** TASK REQUIREMENTS **
Your copy should match the records exactly, except that it contains no pictures.

** Image-backed grounding data **
═══
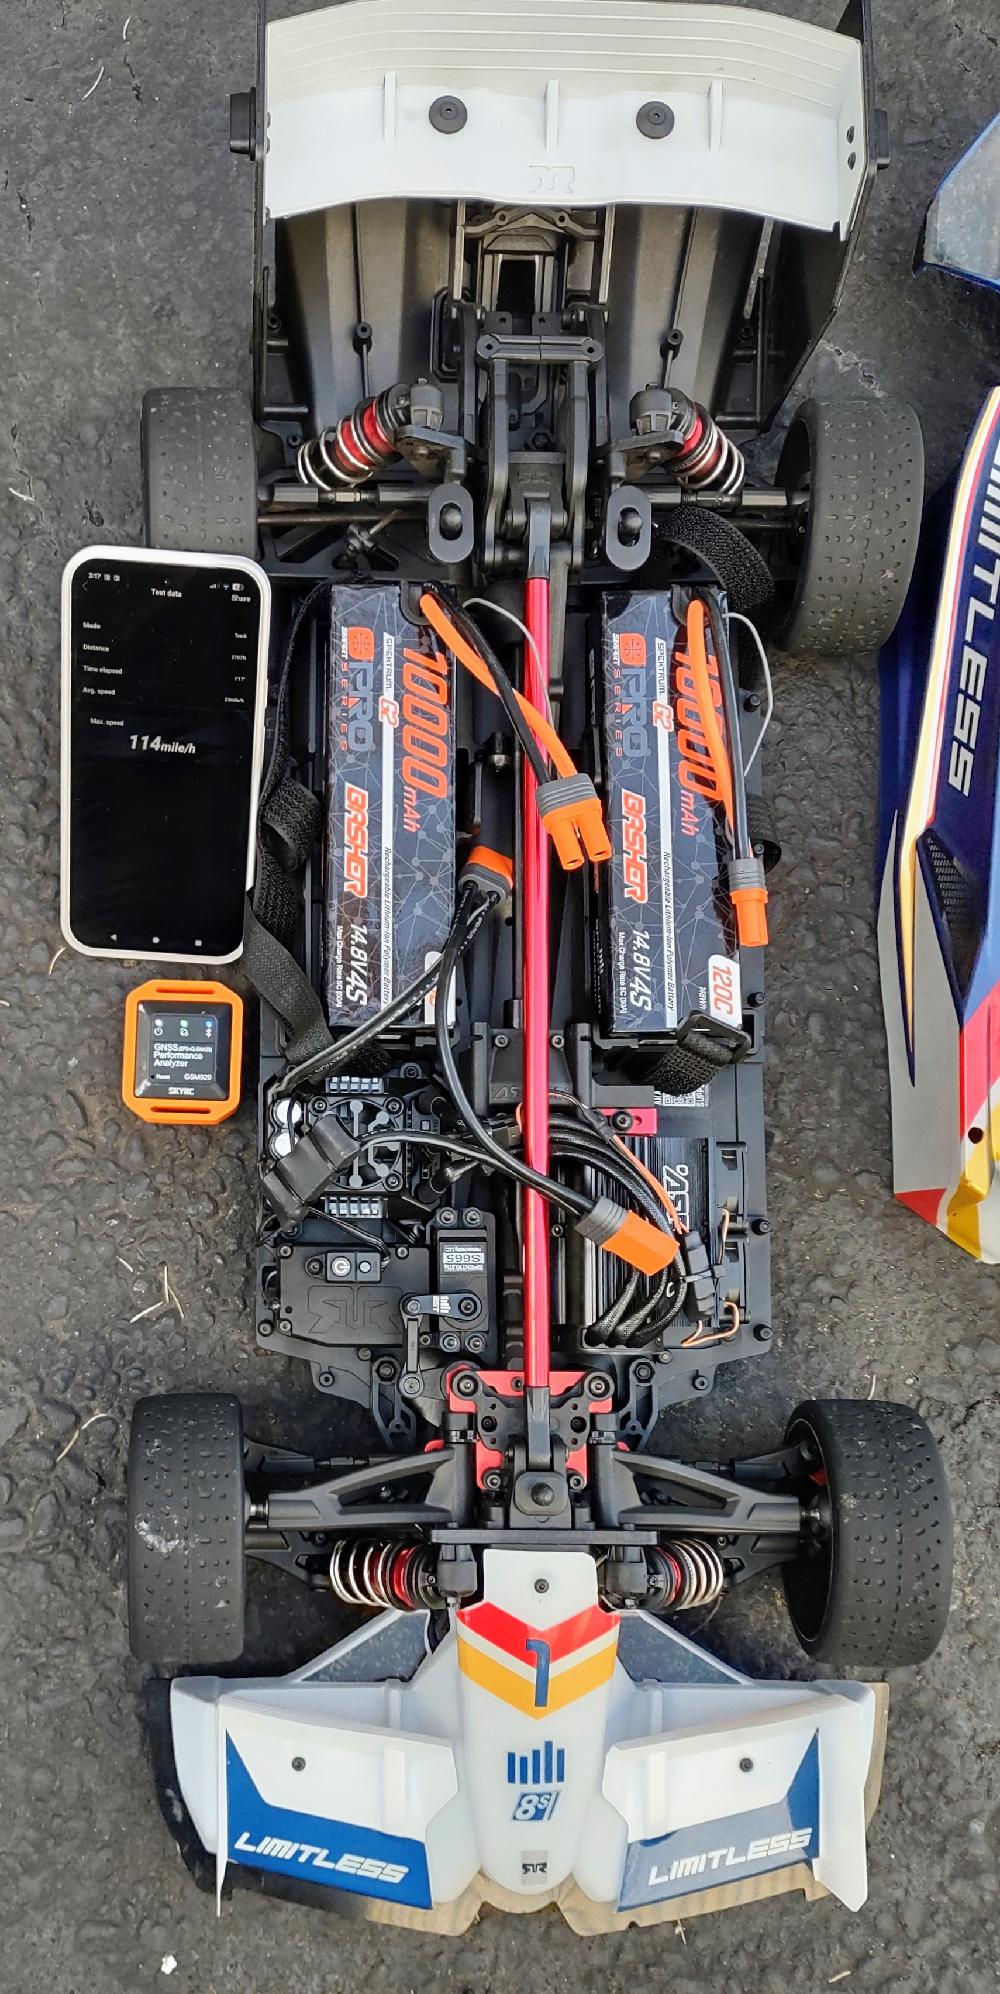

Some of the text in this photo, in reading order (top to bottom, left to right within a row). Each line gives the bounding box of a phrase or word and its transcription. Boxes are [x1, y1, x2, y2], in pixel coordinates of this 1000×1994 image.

[151, 587, 182, 599] Test data
[231, 594, 250, 603] Share
[83, 621, 101, 630] Mode
[83, 643, 110, 652] Distance
[82, 665, 123, 676] Time elapsed
[385, 638, 393, 689] SPEKTRUM
[657, 642, 666, 695] SPEKTRUM
[82, 687, 116, 697] Avg. speed
[348, 661, 374, 751] PRO
[90, 717, 124, 728] Max. speed
[613, 668, 623, 757] SERIES
[621, 668, 649, 758] PRO
[344, 782, 369, 898] BASHER
[622, 788, 648, 904] BASHER
[383, 847, 392, 898] Rechargeable
[662, 851, 672, 903] Rechargeable
[382, 945, 391, 976] Polymer
[665, 949, 674, 981] Polymer
[382, 977, 391, 1006] Battery
[666, 981, 675, 1011] Battery
[712, 965, 734, 1016] 120C
[153, 1043, 179, 1052] GNSS
[153, 1051, 203, 1060] Performance
[153, 1059, 188, 1069] Analyzer
[446, 1254, 481, 1263] S665
[234, 1832, 410, 1884] LIMITLESS
[648, 1827, 813, 1886] LIMITLESS
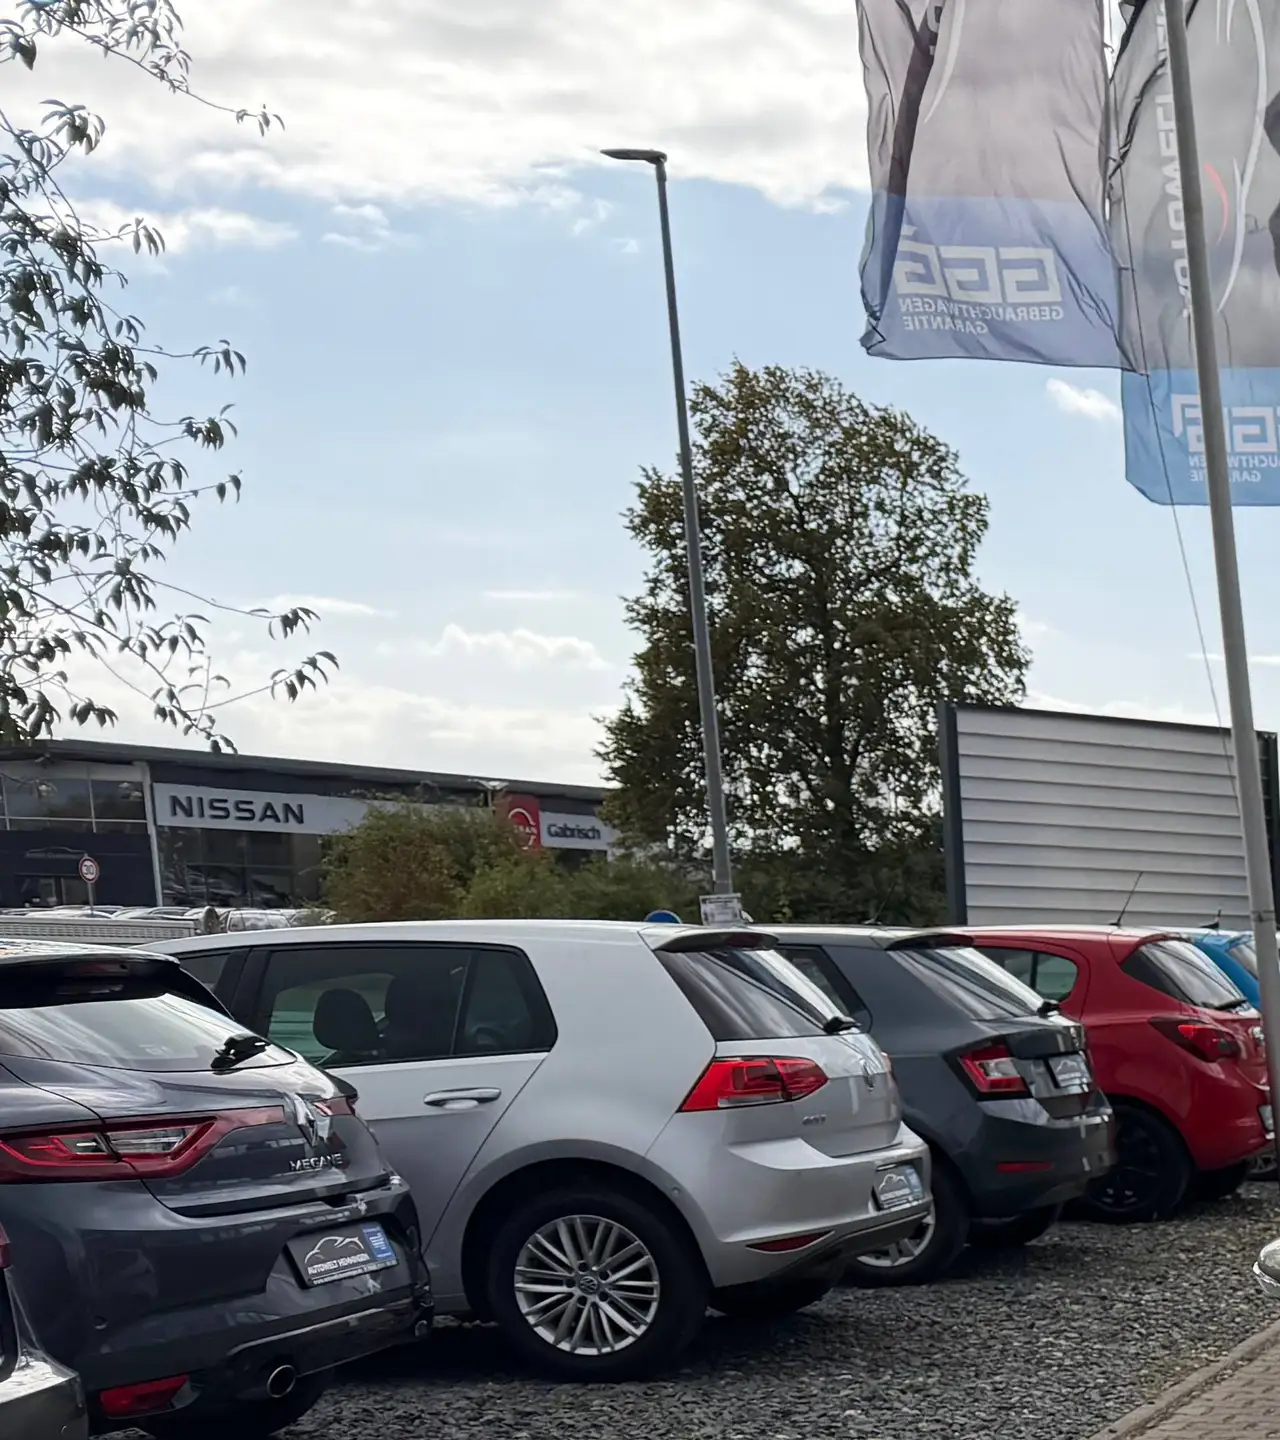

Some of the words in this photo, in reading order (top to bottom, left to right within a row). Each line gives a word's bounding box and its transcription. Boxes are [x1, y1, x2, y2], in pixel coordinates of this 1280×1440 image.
═══
** TASK OUTPUT **
Some of the text in this photo, in reading order (top to bottom, left to right within a row). Each line gives the bounding box of a phrase or word and its transcription. Boxes are [x1, y1, x2, y2], in pixel coordinates of this 1000×1994 image.

[151, 587, 182, 599] Test data
[231, 594, 250, 603] Share
[83, 621, 101, 630] Mode
[83, 643, 110, 652] Distance
[82, 665, 123, 676] Time elapsed
[385, 638, 393, 689] SPEKTRUM
[657, 642, 666, 695] SPEKTRUM
[82, 687, 116, 697] Avg. speed
[348, 661, 374, 751] PRO
[90, 717, 124, 728] Max. speed
[613, 668, 623, 757] SERIES
[621, 668, 649, 758] PRO
[344, 782, 369, 898] BASHER
[622, 788, 648, 904] BASHER
[383, 847, 392, 898] Rechargeable
[662, 851, 672, 903] Rechargeable
[382, 945, 391, 976] Polymer
[665, 949, 674, 981] Polymer
[382, 977, 391, 1006] Battery
[666, 981, 675, 1011] Battery
[712, 965, 734, 1016] 120C
[153, 1043, 179, 1052] GNSS
[153, 1051, 203, 1060] Performance
[153, 1059, 188, 1069] Analyzer
[446, 1254, 481, 1263] S665
[234, 1832, 410, 1884] LIMITLESS
[648, 1827, 813, 1886] LIMITLESS

Some of the words in this photo, in reading order (top to bottom, left to right within a row). Each line gives a word's bounding box and its transcription. Boxes are [x1, y1, x2, y2], in pixel coordinates of this 1280×1440 image.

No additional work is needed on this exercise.